Normalmente como acontece o processo de criação de um drive real no Linux? É feita uma analise do mesmo através de uma documentação fornecida pelo próprio desenvolvedor, e a partir daí um estudo de como se comunica com a controladora (chip) do dispositivo? Existem exemplos reais disso?
Num mundo ideal, todo hardware tem a documentação fornecida pelo fabricante, e toda ela seria suficiente para escrever o driver. Felizmente isso é o que geralmente acontece, mas há bastante exceções. Às vezes a documentação não é pública, em outros casos a documentação do hardware é pública. Um exemplo de documentação de hardware pública seria a da arquitetura de audio HDA da Intel: http://www.intel.com/standards/hdaudio/ Deve haver muitos outros exemplos de documentação de hardware por aí. O HDA Intel é apenas o que eu lembrei no momento.

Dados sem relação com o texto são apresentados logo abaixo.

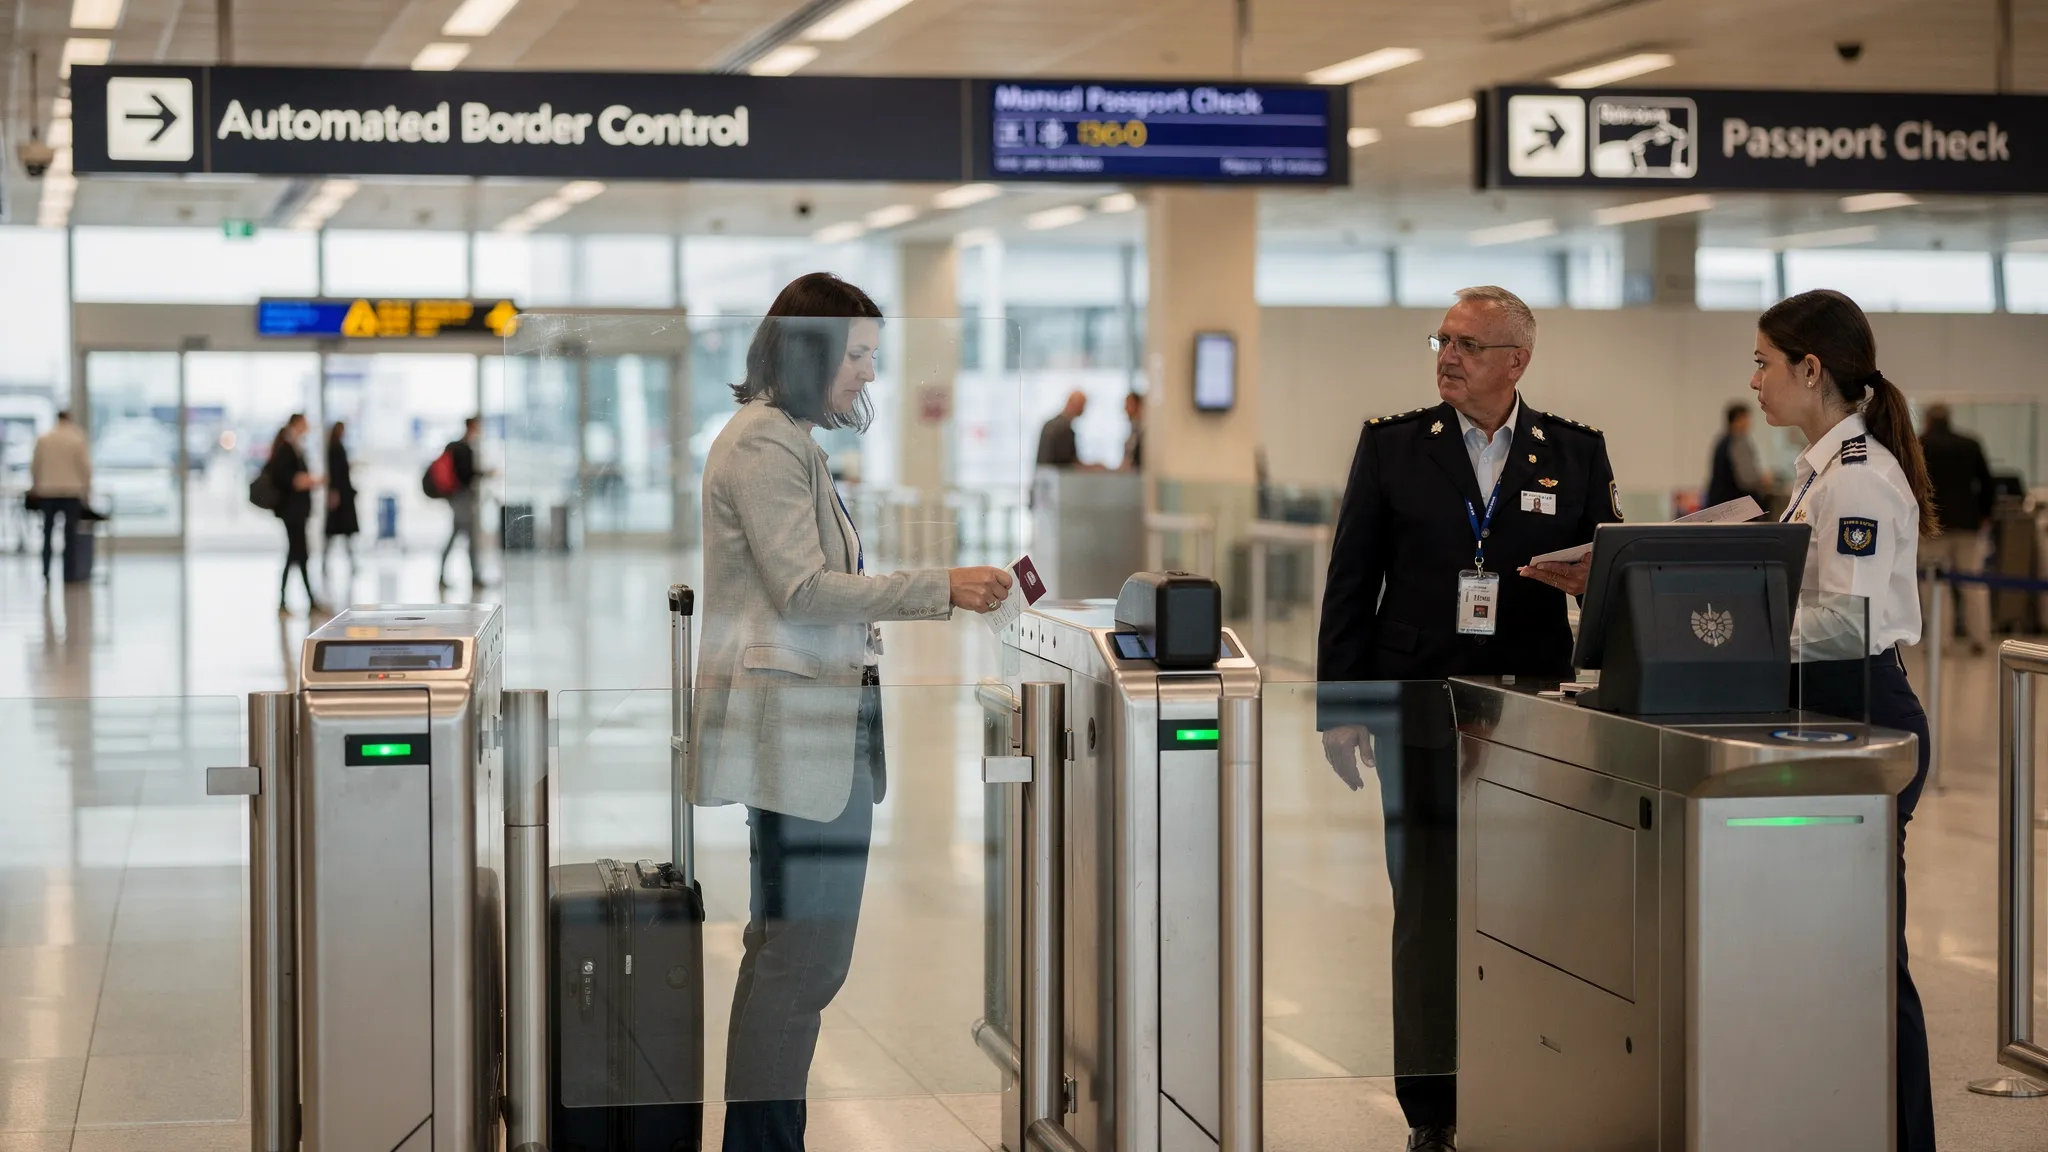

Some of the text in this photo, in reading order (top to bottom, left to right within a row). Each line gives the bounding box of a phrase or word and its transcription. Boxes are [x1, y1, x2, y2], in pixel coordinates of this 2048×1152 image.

[217, 99, 749, 147] Automated Border Control
[1721, 117, 2010, 167] Passport Check

Curiosidade: tenho feito um trabalho sobre aplicação do Cálculo na engenharia, e então pensei no desenvolvimento do kernel. Há algum tipo de driver que é necessário o conhecimento de Cálculo para fazê-lo?

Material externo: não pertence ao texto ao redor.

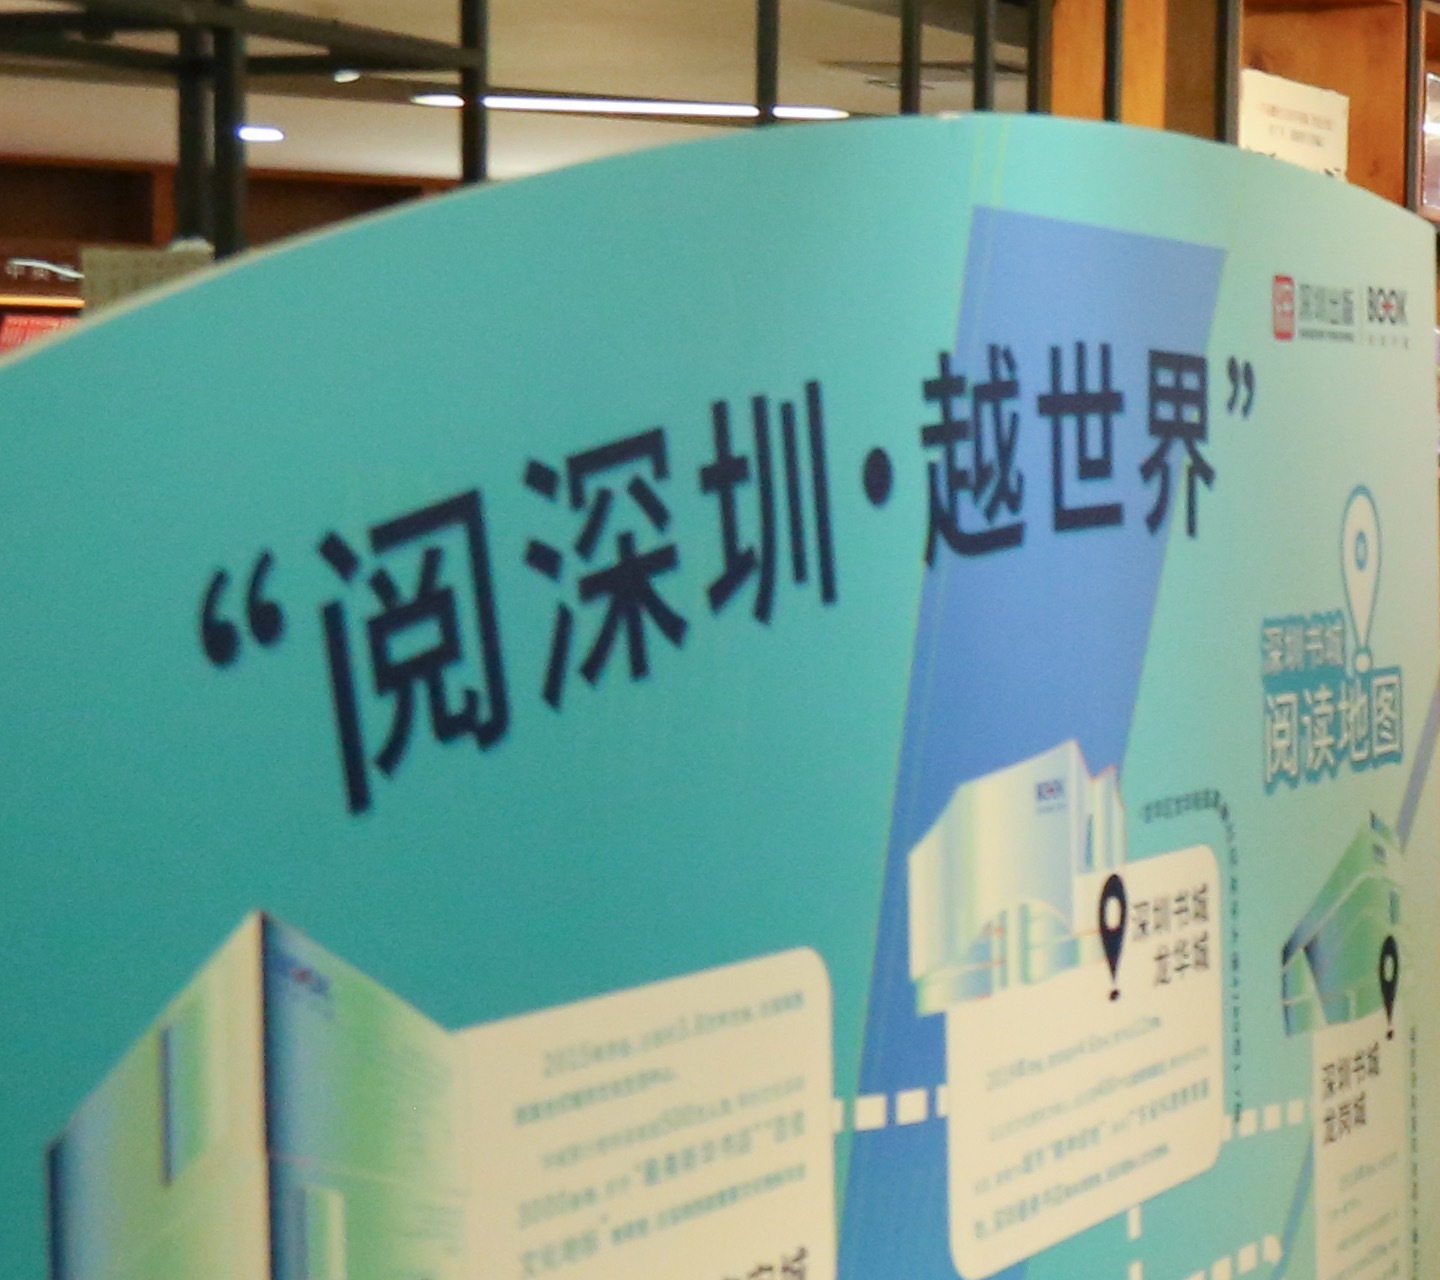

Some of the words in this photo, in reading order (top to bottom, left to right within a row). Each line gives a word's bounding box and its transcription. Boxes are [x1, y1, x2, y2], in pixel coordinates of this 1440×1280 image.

[199, 341, 1256, 815] “阅深圳·越世界”
[1265, 675, 1401, 784] 阅读地图
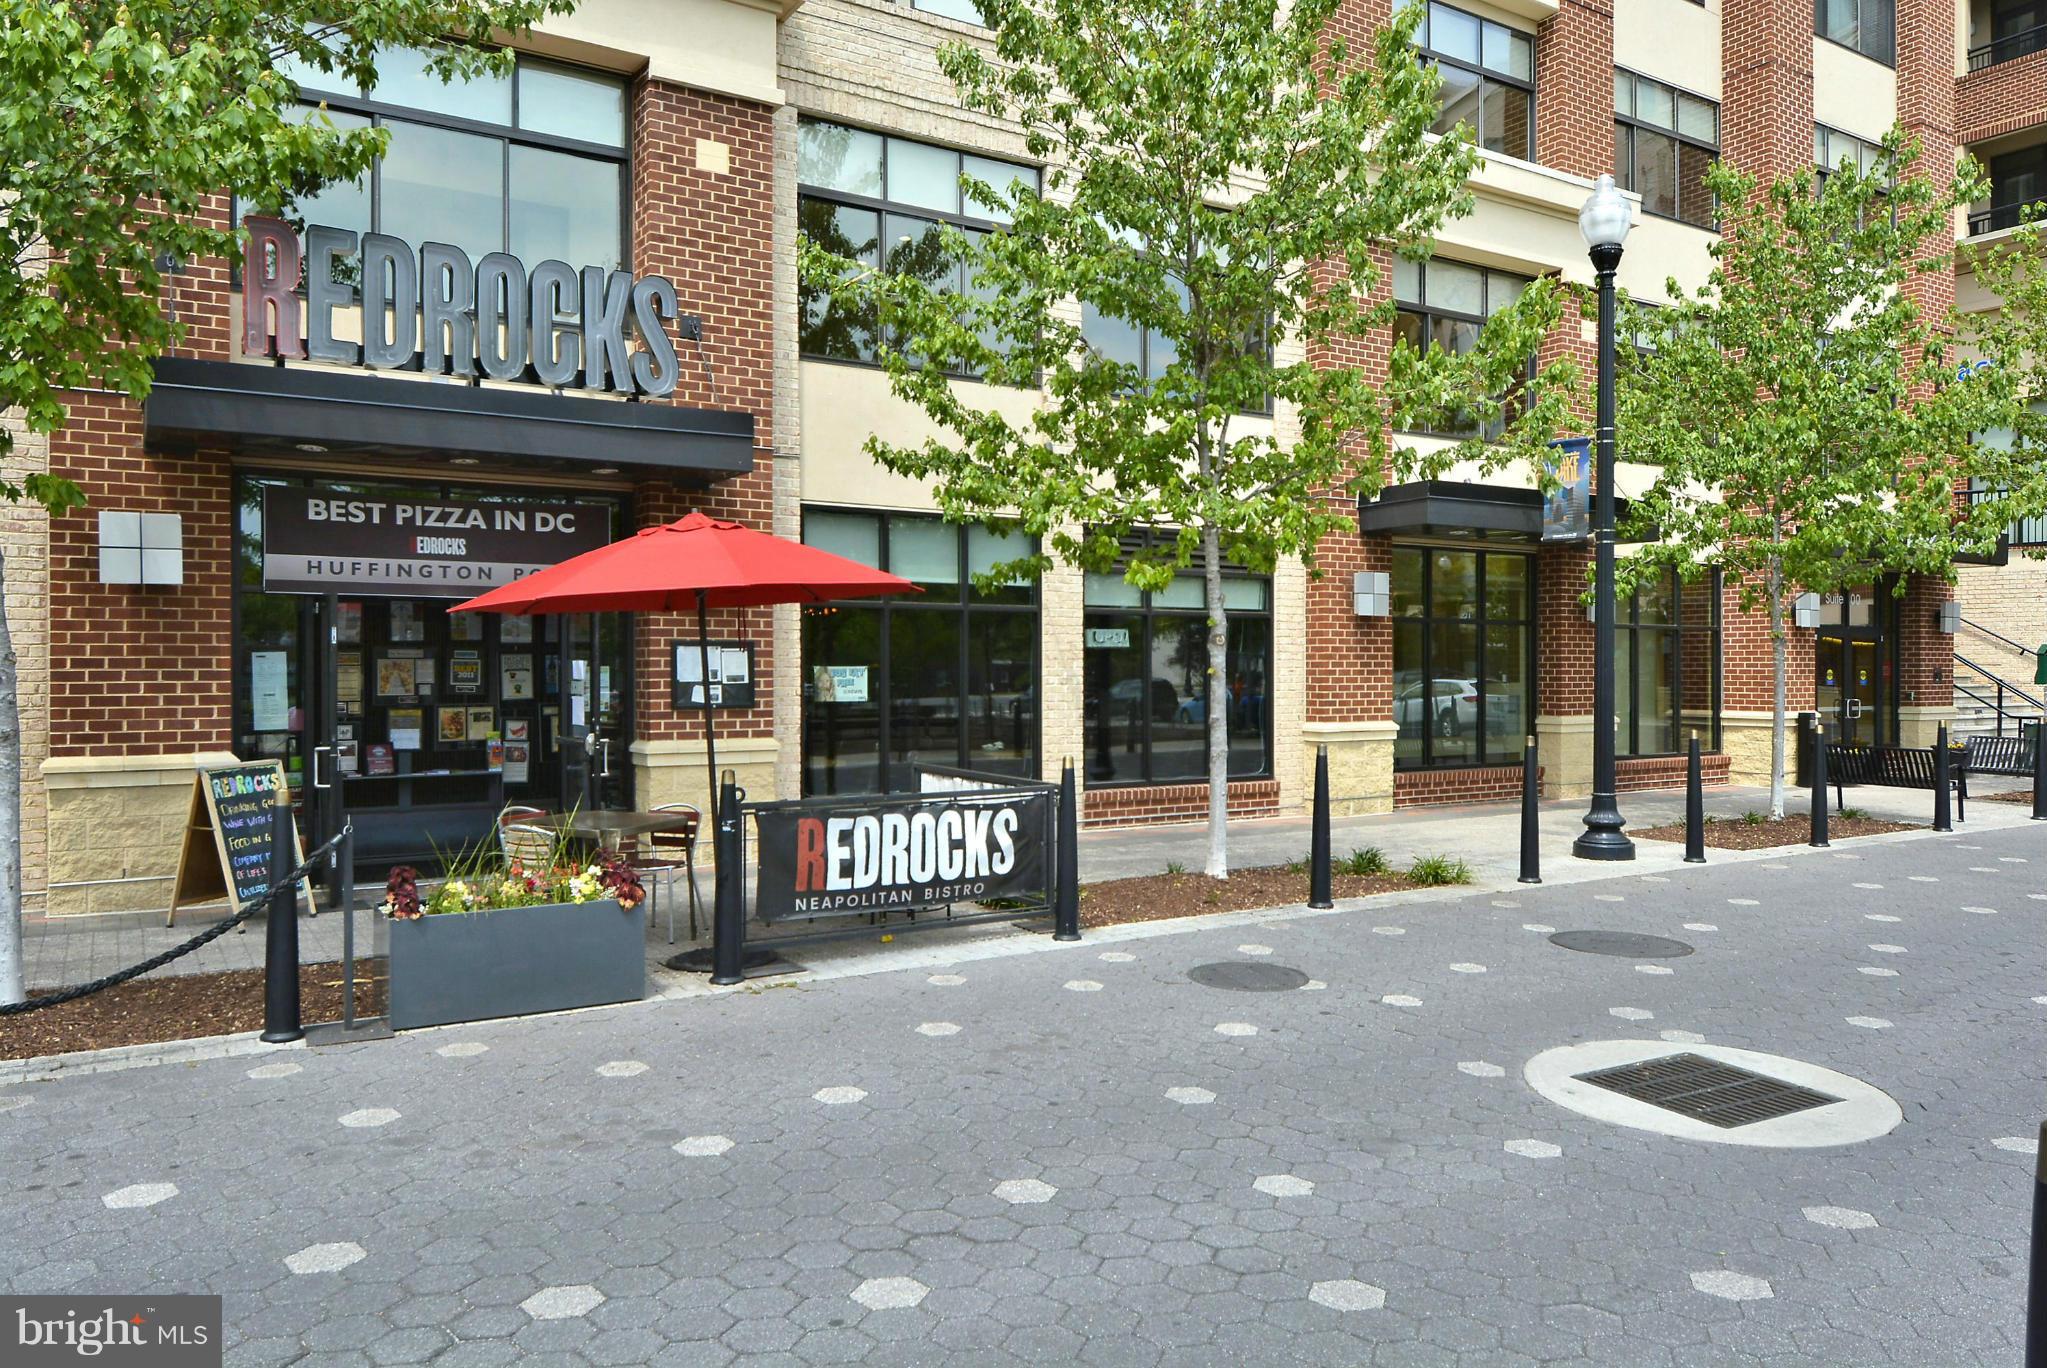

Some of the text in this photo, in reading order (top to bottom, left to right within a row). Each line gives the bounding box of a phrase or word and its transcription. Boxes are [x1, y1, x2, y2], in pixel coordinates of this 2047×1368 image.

[242, 214, 679, 397] REDROCKS
[308, 498, 575, 534] BEST PIZZA IN DC
[307, 560, 541, 581] HUFFINGTON P
[1825, 592, 1844, 605] Suite
[212, 772, 281, 799] REDROCKS
[795, 808, 1018, 892] REDROCKS
[795, 882, 985, 912] NEAPOLITAN BISTRO

É uma boa pergunta. Geralmente um driver apenas traduz serviços que o hardware provê, e torna esses serviços disponíveis para o resto do sistema usar através de alguma interface mais simples e/ou mais controlada. Acho muito difícil um driver exigir conhecimento em Cálculo, principalmente se for possível delegar a tarefa que envolve Cálculo para outro componente do sistema, preferencialmente fora do driver e fora do kernel. On Tue, May 12, 2009 at 10:11:42AM -0300, Ricardo Ayres Severo wrote:
Igor,
eu trabalho no desenvolvimento de sistemas embarcados e já desenvolvi alguns drivers, mas nada muito complexo.

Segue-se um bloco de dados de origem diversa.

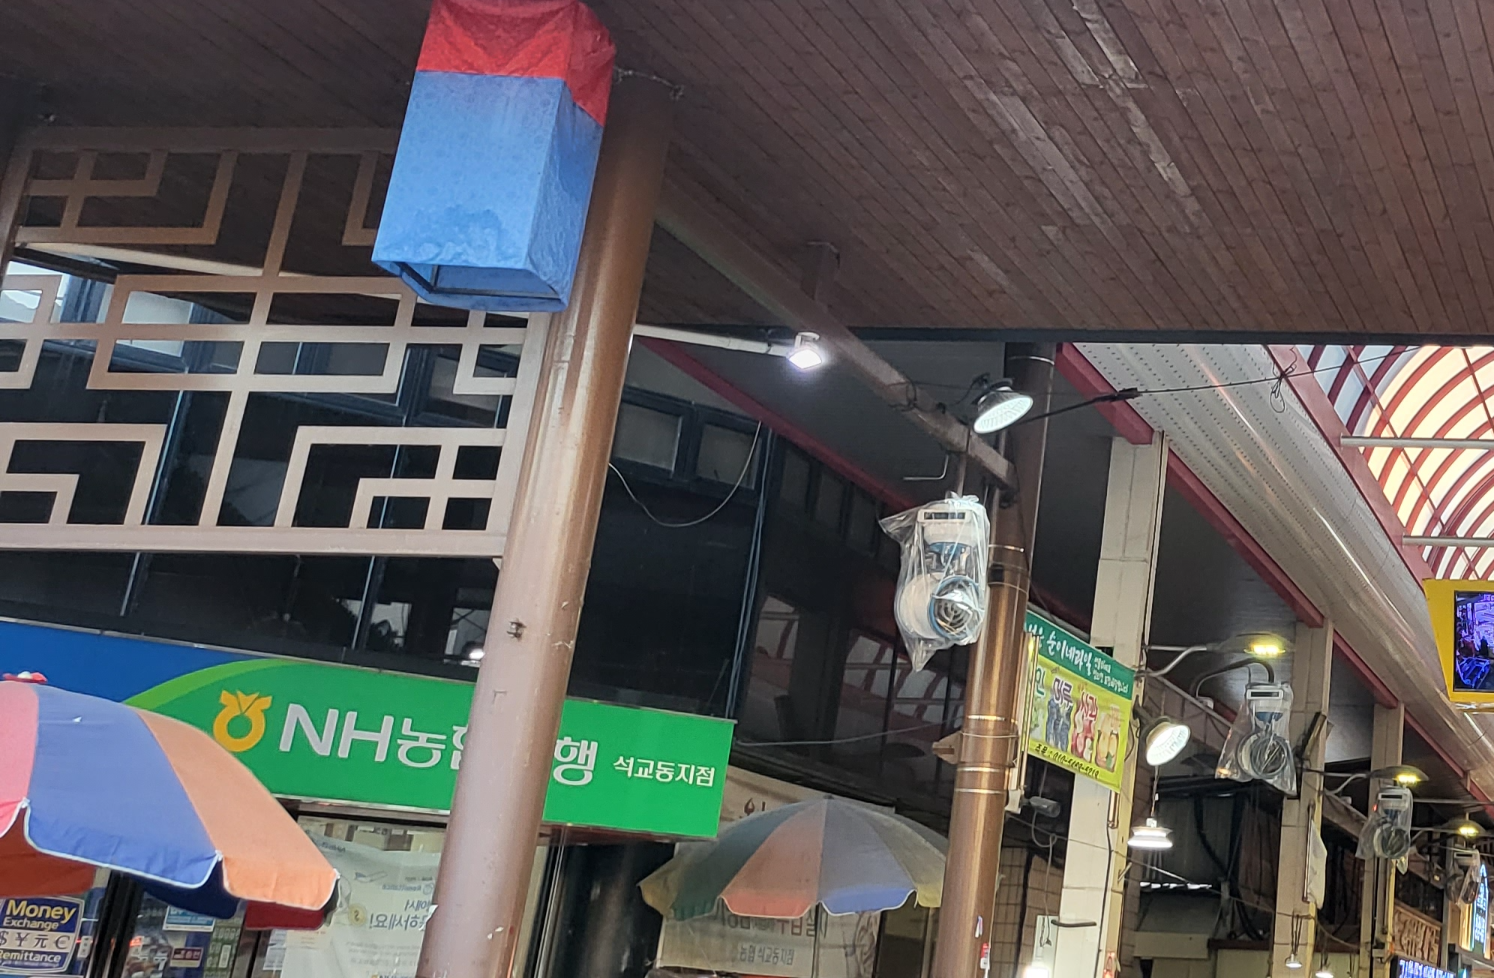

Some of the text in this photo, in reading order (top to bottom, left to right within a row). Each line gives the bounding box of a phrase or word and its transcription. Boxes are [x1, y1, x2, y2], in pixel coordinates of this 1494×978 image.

[279, 703, 716, 787] NH농행 석교동지점
[6, 899, 76, 924] Money
[3, 916, 59, 933] Exchange

Para desenvolver o driver, nós precisamos saber como que o dispositivo que está conectado ao processador funciona e qual pino do processador corresponde a qual pino do dispositivo. A necessidade de se fazer um driver é para poder acessar esses pinos do processador diretamente, o que não é permitido na userland. O driver então trata os dados para que uma aplicação userland possa utilizar o dispositivo sem se preocupar com o funcionamento específico dele.
O acesso privilegiado não necessariamente é a única razão para drivers estarem dentro do kernel. Mas provavelmente é a razão mais comum.
Todos os drivers que fiz até agora foram char devices, ou seja, a interface do driver com o sistema se dá através de leituras e escritas em um arquivo (um daqueles que ficam em /dev). A maioria dos drivers são assim. Os outros dois tipos são network (sockets) e block devices (HDs e coisas do tipo).
Discordo em parte. A maioria dos drivers não registram char devices ou block devices diretamente. A maioria registra funções em algum subsistema do kernel, implementando as funcionalidades necessárias. A interface entre userspace e o kernel frequentemente é como você falou: através de char devices, block devices & cia. Mas a maioria dos drivers estão atrás de abstrações mais complexas que apenas registrar um char device ou block device, e muitas delas escondem boa parte dos detalhes da interação entre userspace e o kernel. Muitas vezes um driver nem mesmo oferece serviços para userspace, mas apenas serviços que o resto do kernel utiliza, para por sua vez prover algum outro serviço para userspace. Um driver de rede é um exemplo (userspace usa a pilha de rede do kernel, que por sua vez é quem vai utilizar o driver de rede), mas há muitos outros casos parecidos. Por outro lado, registrar um char device ou um block device diretamente pode ser um bom exemplo didático, pela sua simplicidade.
Um livro que recomendo é o Linux Device Drivers, que inclusive está disponível de graça na internet.